Information START

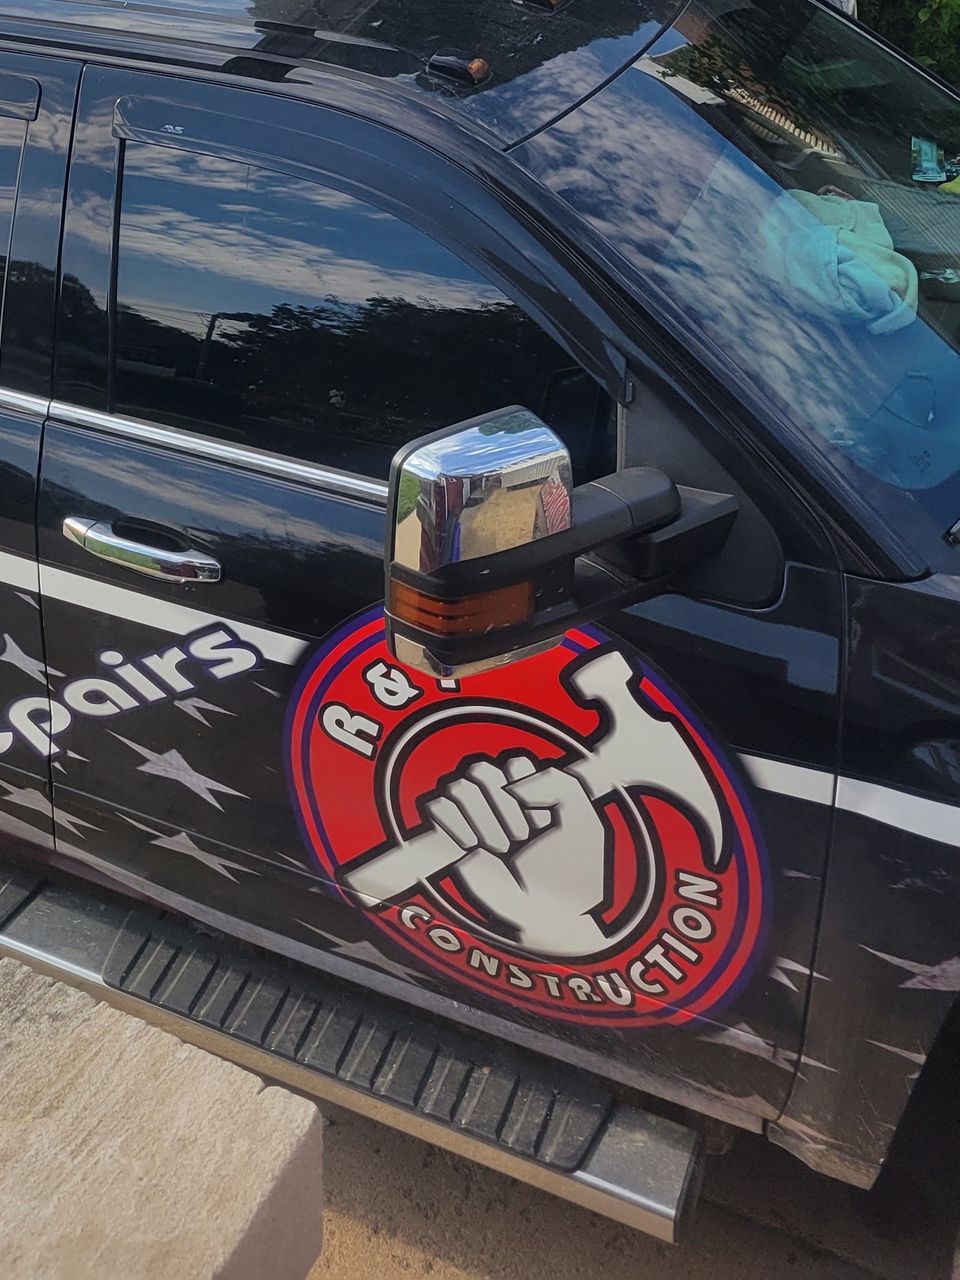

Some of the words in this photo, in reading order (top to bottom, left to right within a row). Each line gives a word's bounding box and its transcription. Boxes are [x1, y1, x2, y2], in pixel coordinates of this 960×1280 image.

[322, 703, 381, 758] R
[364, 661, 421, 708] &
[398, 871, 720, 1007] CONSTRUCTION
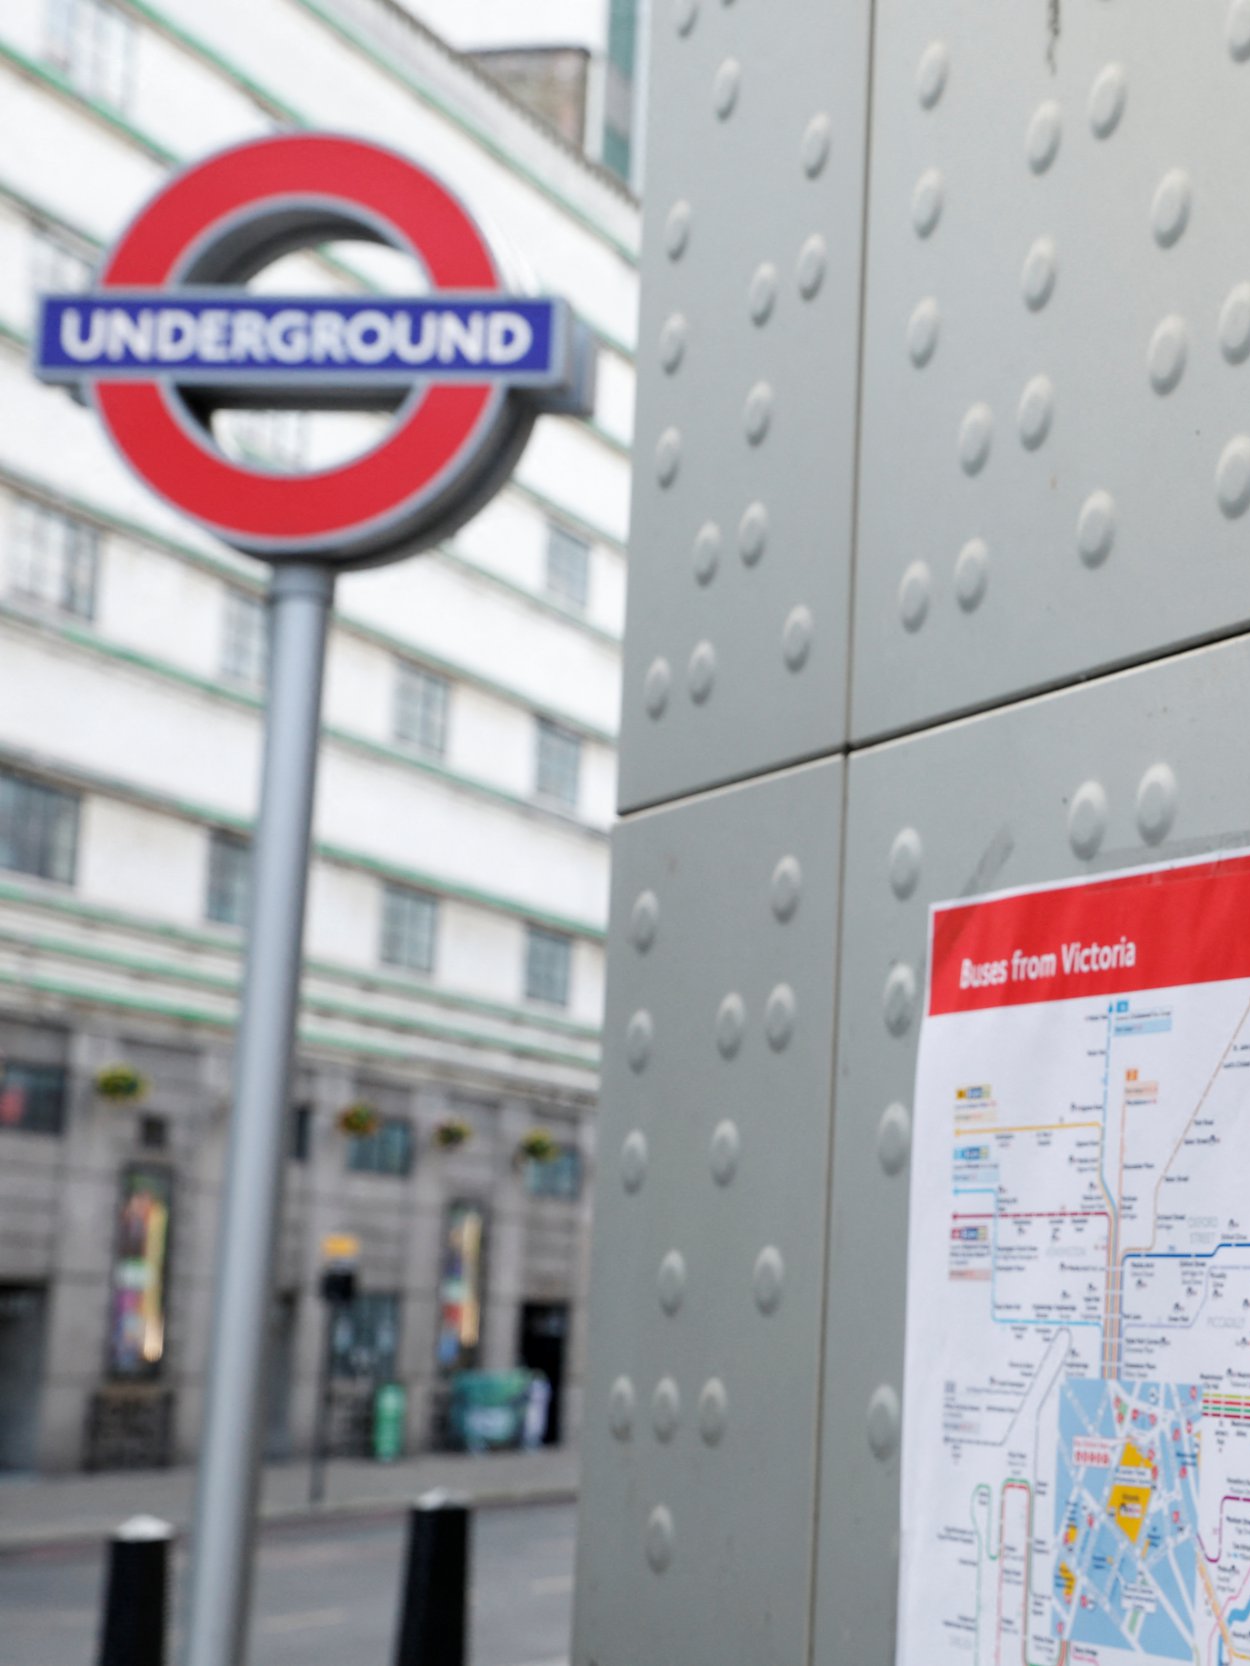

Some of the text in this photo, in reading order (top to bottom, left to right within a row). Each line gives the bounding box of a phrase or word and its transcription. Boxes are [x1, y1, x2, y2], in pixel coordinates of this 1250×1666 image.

Information END

**Try it:** In your copy, include every record word for word but no pictures.

**Result below:**
Some of the words in this photo, in reading order (top to bottom, left to right within a row). Each line gives a word's bounding box and its transcription. Boxes are [x1, y1, x2, y2], in pixel coordinates of this 960×1280 image.

[322, 703, 381, 758] R
[364, 661, 421, 708] &
[398, 871, 720, 1007] CONSTRUCTION

Some of the text in this photo, in reading order (top to bottom, left to right within a row). Each line gives the bounding box of a phrase or word and its transcription. Boxes are [x1, y1, x2, y2], in pixel coordinates of this 1250×1666 image.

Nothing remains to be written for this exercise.